◆ DATA SUPPLIED
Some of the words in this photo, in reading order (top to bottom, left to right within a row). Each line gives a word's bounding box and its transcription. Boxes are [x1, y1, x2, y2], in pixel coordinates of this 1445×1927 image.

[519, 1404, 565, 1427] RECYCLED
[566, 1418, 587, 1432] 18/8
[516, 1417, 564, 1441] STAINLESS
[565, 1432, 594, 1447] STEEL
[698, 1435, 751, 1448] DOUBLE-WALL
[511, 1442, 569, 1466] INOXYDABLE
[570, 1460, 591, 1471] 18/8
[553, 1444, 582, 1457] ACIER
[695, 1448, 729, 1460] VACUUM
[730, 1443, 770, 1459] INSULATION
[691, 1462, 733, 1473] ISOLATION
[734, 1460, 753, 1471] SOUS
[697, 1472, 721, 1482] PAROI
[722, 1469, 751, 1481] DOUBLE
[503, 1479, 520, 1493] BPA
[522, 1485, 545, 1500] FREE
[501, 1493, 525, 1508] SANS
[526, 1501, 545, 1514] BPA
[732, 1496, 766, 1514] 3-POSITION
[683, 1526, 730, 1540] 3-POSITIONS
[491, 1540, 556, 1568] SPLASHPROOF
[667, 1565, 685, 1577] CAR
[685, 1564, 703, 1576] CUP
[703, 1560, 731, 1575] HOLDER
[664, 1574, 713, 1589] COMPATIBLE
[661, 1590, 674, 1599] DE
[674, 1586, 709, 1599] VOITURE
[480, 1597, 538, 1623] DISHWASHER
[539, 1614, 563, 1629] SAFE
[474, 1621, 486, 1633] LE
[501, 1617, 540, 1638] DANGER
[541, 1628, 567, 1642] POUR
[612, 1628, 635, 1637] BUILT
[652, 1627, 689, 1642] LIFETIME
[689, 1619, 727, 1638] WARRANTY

◆ PROBLEM TO WORK ON
Print the material once more, exactly as it appears.

◆ RESULT OF THIS EXERCISE
Some of the words in this photo, in reading order (top to bottom, left to right within a row). Each line gives a word's bounding box and its transcription. Boxes are [x1, y1, x2, y2], in pixel coordinates of this 1445×1927 image.

[519, 1404, 565, 1427] RECYCLED
[566, 1418, 587, 1432] 18/8
[516, 1417, 564, 1441] STAINLESS
[565, 1432, 594, 1447] STEEL
[698, 1435, 751, 1448] DOUBLE-WALL
[511, 1442, 569, 1466] INOXYDABLE
[570, 1460, 591, 1471] 18/8
[553, 1444, 582, 1457] ACIER
[695, 1448, 729, 1460] VACUUM
[730, 1443, 770, 1459] INSULATION
[691, 1462, 733, 1473] ISOLATION
[734, 1460, 753, 1471] SOUS
[697, 1472, 721, 1482] PAROI
[722, 1469, 751, 1481] DOUBLE
[503, 1479, 520, 1493] BPA
[522, 1485, 545, 1500] FREE
[501, 1493, 525, 1508] SANS
[526, 1501, 545, 1514] BPA
[732, 1496, 766, 1514] 3-POSITION
[683, 1526, 730, 1540] 3-POSITIONS
[491, 1540, 556, 1568] SPLASHPROOF
[667, 1565, 685, 1577] CAR
[685, 1564, 703, 1576] CUP
[703, 1560, 731, 1575] HOLDER
[664, 1574, 713, 1589] COMPATIBLE
[661, 1590, 674, 1599] DE
[674, 1586, 709, 1599] VOITURE
[480, 1597, 538, 1623] DISHWASHER
[539, 1614, 563, 1629] SAFE
[474, 1621, 486, 1633] LE
[501, 1617, 540, 1638] DANGER
[541, 1628, 567, 1642] POUR
[612, 1628, 635, 1637] BUILT
[652, 1627, 689, 1642] LIFETIME
[689, 1619, 727, 1638] WARRANTY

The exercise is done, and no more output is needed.